To effect this, would it be better to identify use and capacity by transport corridor rather than (just?) the traditional road or rail only analysis? For example for the ‘Pennant Hills road’ corridor, would it be more helpful to the next stage of the process, public submissions, if comments about road utilisation were augmented by noting the absence of a rail line?
Presentation The tables used to show road congestion could easily be supplemented as below, which also shows delays etc. as if road pricing was in place.
Corridor
Road / rail 2011
Delay cost observed
Delay cost if road pricing
Available rail capacity
Parramatta-Hornsby
Pennant Hills Rd / no rail
$3.53m
?
nil
Parramatta-Sydney
Parramatta Rd, M4/ Western line
$1.51m
?
X%
Other The above table assumes there is no option for rail in the Parramatta –Hornsby corridor. This may or may not be correct, however, the relevant idea, the Epping-Parramatta railway, does not seem in favour at this time.
In the audit report road volume capacity is expressed in units of cars, while rail measures are personal travel hours.

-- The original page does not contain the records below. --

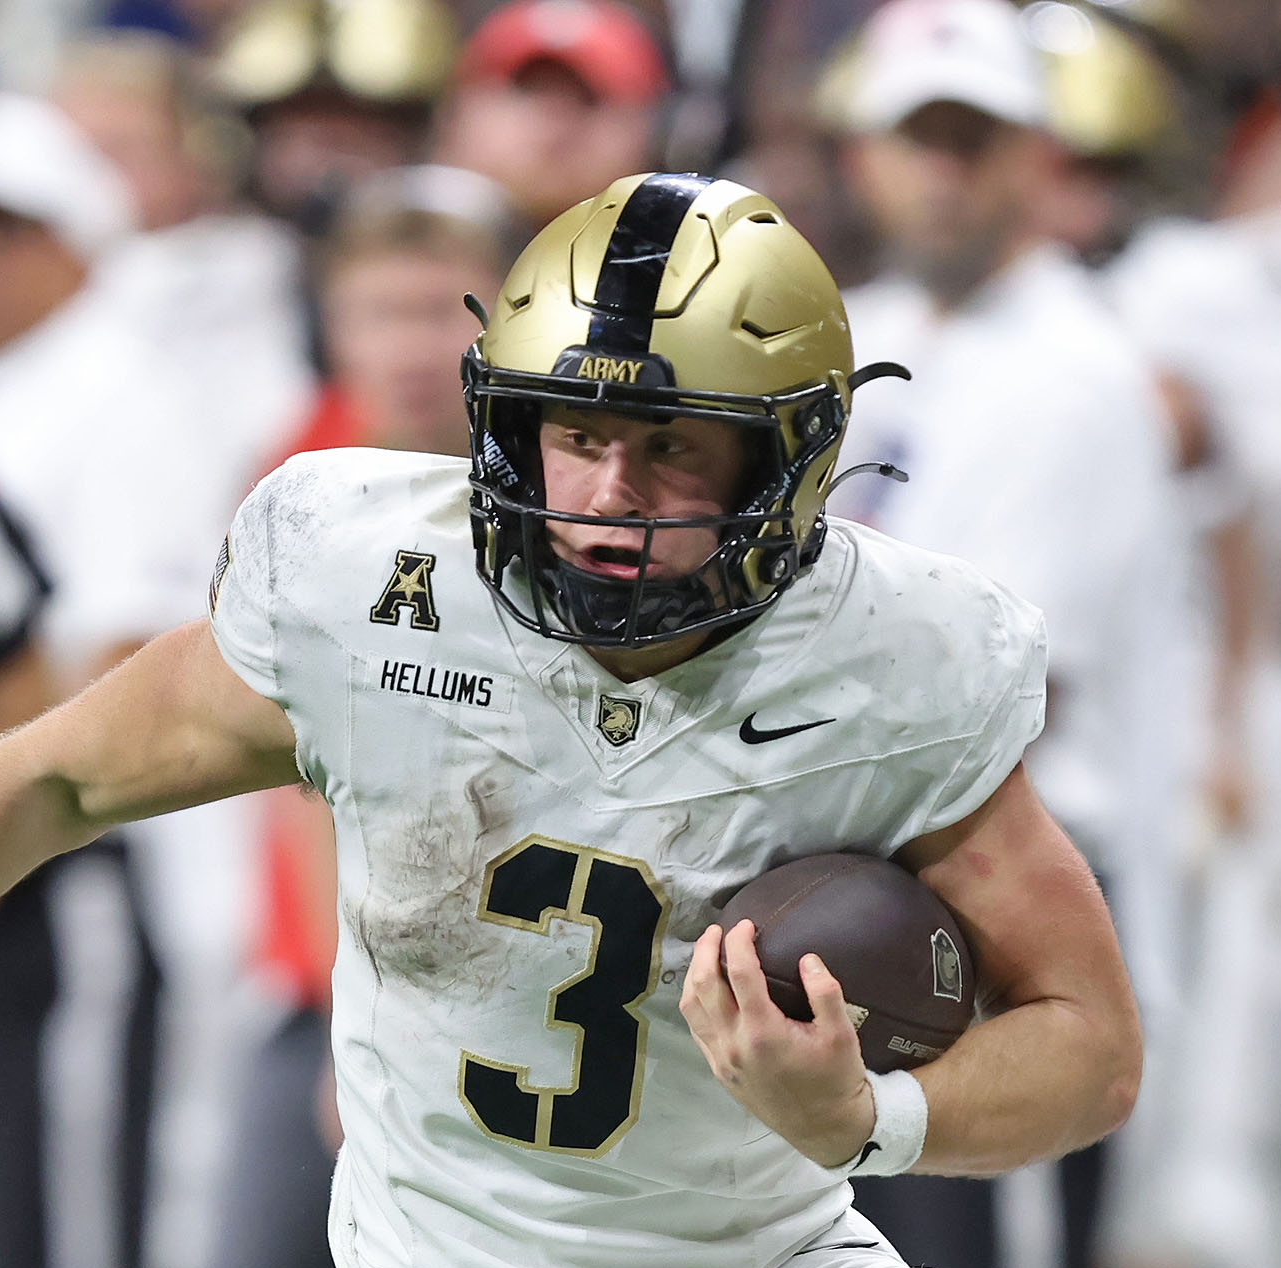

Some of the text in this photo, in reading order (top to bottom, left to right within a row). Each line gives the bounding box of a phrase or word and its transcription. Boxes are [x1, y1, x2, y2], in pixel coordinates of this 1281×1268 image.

[577, 356, 643, 384] ARMY
[370, 549, 440, 632] A
[381, 660, 493, 706] HELLUMS
[457, 832, 672, 1159] 3
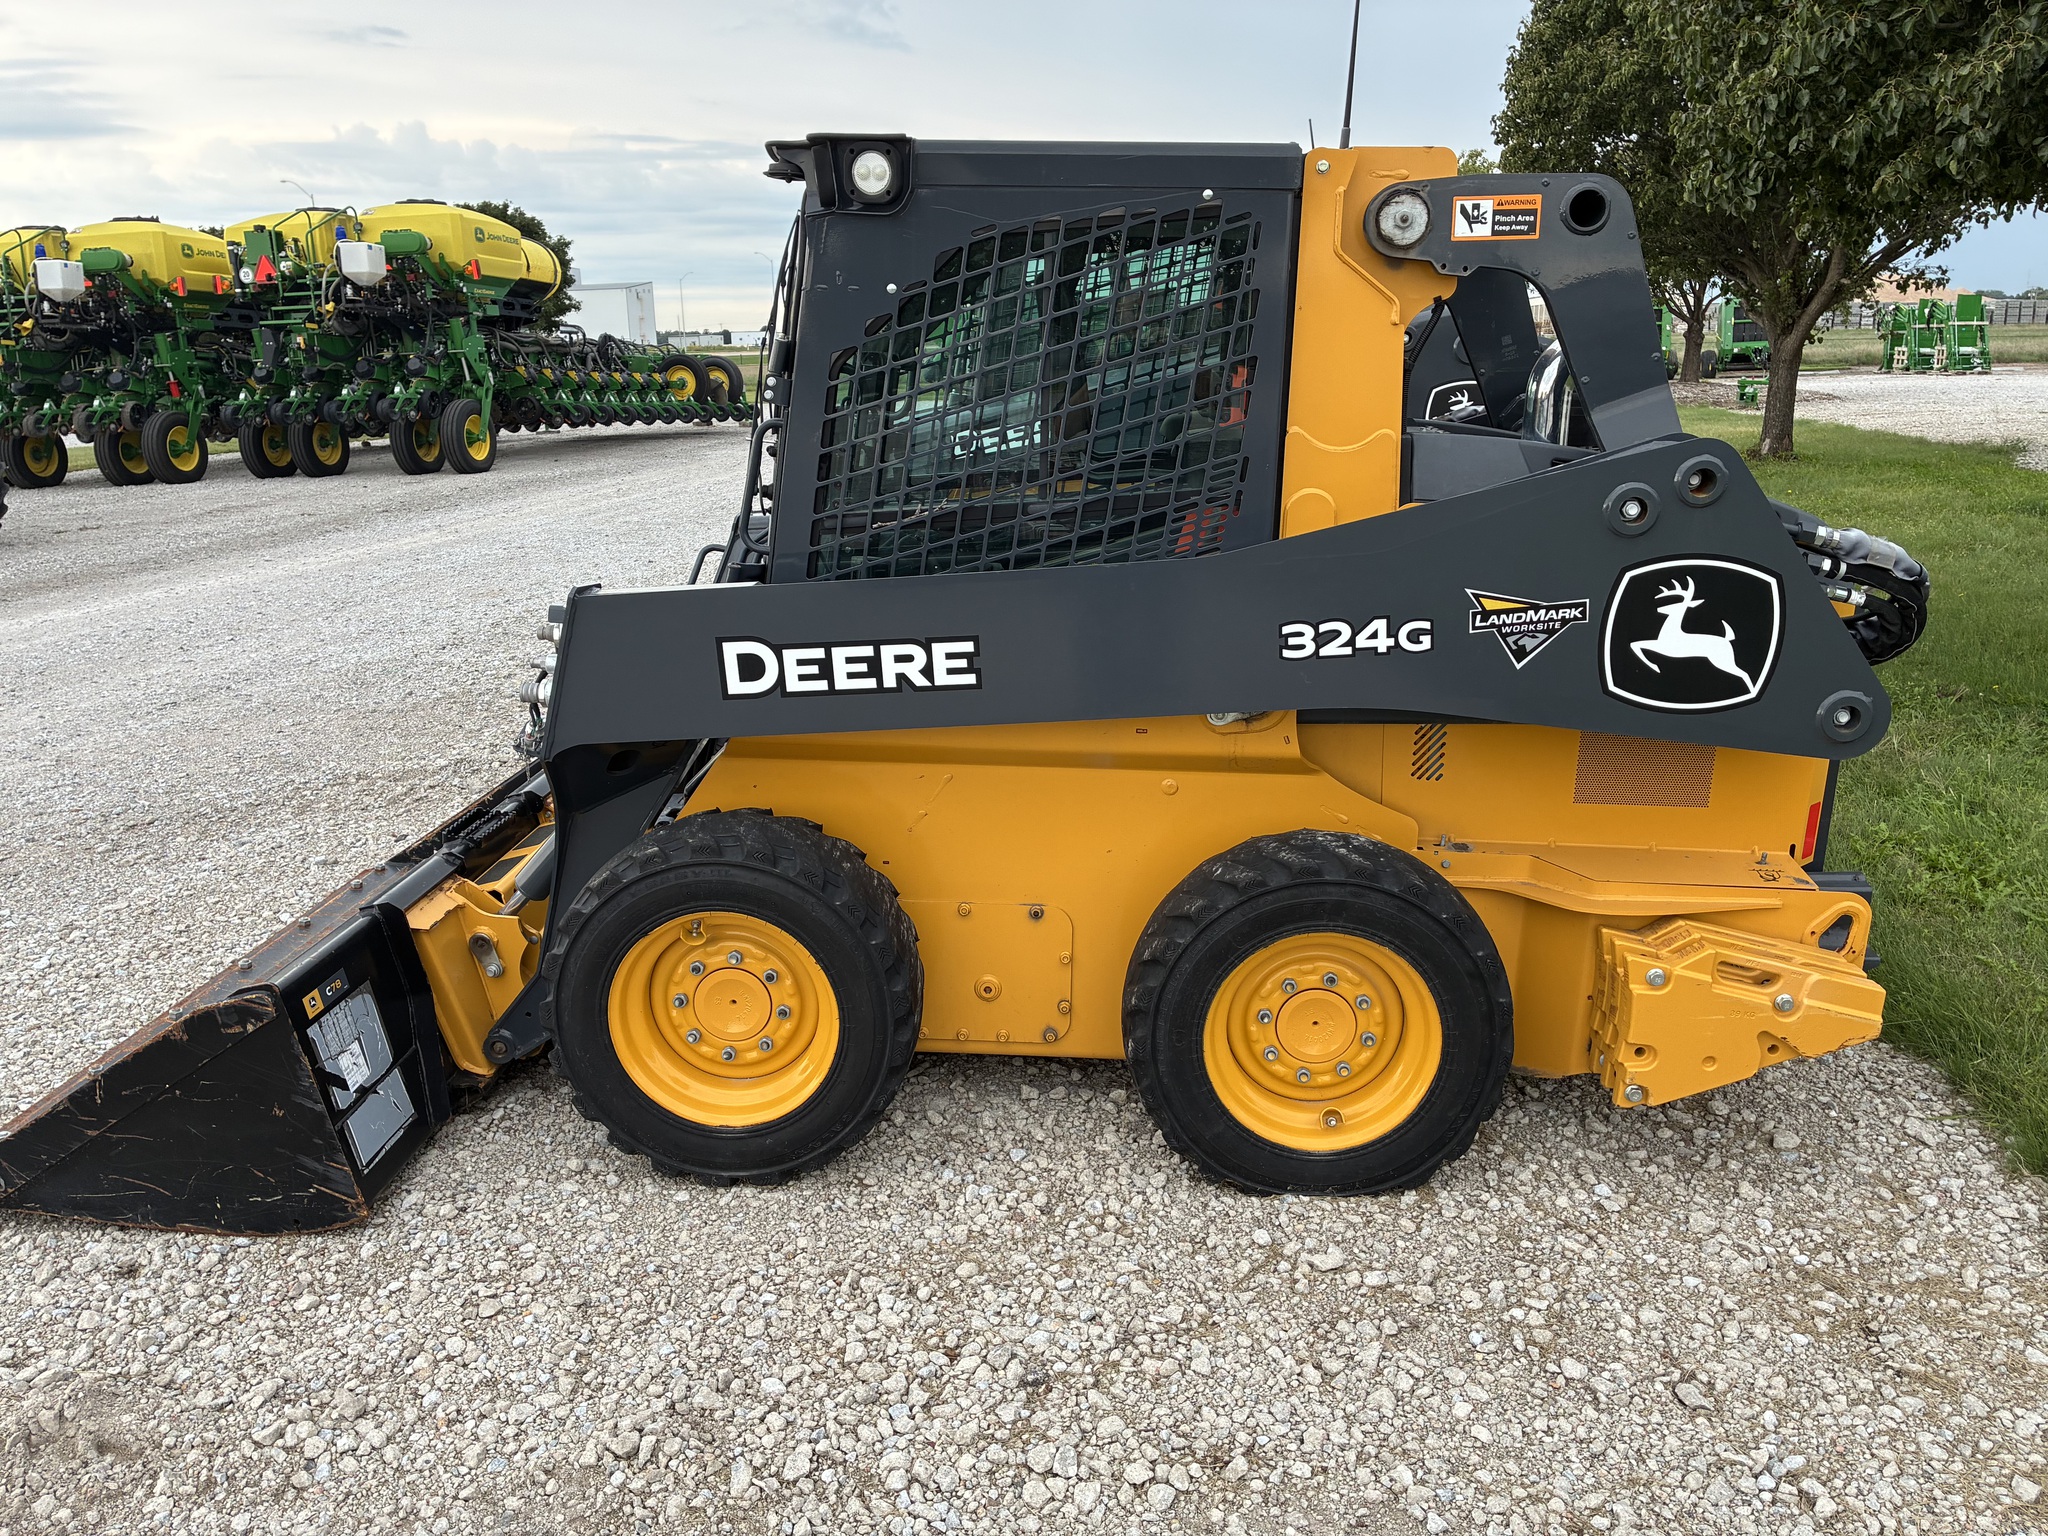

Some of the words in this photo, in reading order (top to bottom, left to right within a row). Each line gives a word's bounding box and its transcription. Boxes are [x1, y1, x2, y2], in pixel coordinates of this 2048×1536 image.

[1518, 214, 1535, 222] Area
[1494, 224, 1510, 232] Keep
[487, 232, 502, 241] JOHN
[502, 234, 519, 245] DEERE
[196, 248, 215, 257] JOHN
[243, 270, 250, 278] 20
[1501, 621, 1562, 634] WORKSITE
[1281, 618, 1432, 660] 324G
[720, 640, 978, 696] DEERE
[325, 979, 342, 996] C78

It would be possible to provide more direct comparisons for both road and rail; seats per hour, seat occupancy per hour, and personal travel hours.
It would be helpful for the audit to provide evidence of vehicle loading; car occupancy (how many people in a car); truck loading (average load in weight or volume as a percentage of maximum permissible); train loading (how many people on a train).
This would facilitate a discussion about the impact of vehicle utilisation on infrastructure ‘needs’. Included in this discussion might be design of infrastructure to encourage increased vehicle occupancy; by priority lanes to be used with cars carrying more than say two people.
The report acknowledges omission of rail delays, arguing they are relatively small. Perhaps so, but timetables (which are the rail infrastructure’s output) aim to keep delays low; by trains that are slower and less frequent than theoretically possible. The effects can be very large, not only within rail but also on road traffic for reasons outlined in previous Infrastructure Australia reports. These effects also could be included.
Annex C: Greater clarity of future capacity augmentation of roads Overview The tables used to show road congestion, at present and projected, do not directly show whether road, or rail, augmentation is mitigating congestion by reducing volume / capacity ratios.
Presentation The tables used to show road congestion could easily be amended such as below.
Corridor
Road / rail 2011
Assumed projects that augment capacity
Change in road volume / capacity to 2031;
Change in road volume / capacity; if road pricing
Parramatta-Hornsby
Pennant Hills Rd / no rail
Northconnex / nil
96%-94% = 2%
?
Other The above table assumes Northconnex is included in the modelling of projected traffic; this may or may not be the case. The purpose of the example table is to clarify, easily for the reader, what in fact is the case.
Making this easily clear is important for two reasons that can be seen from the above table:
1. If Northconnex is included, then proponents and the public do not need to waste time preparing or commenting on that project proposal;
2. The contribution of the project to resolving a (congestion) ‘problem’ is clearly seen. On the above assumptions (which to reiterate, may be wrong) the project has not substantially altered volume / capacity and at best is expected to be a temporary answer to congestion on this corridor.
The reason volume / capacity is used in the above example is that it most clearly illustrates the point.
There are alternative measures such as delay cost per lane km. The report tables do not clearly indicate whether these are expressed in constant 2011$ or $ of the day. Assuming the latter, costs of congestion increase faster than actual congestion i.e. the increase in congestion to 2031 is not as dramatic as first seems.
Similarly, the $53 billion figure, if accepted, would need to be substantially reduced to make it comparable to today; at ‘inflation’ of 4% pa $53billion in 2031 equates with $28billion today; a large number nonetheless.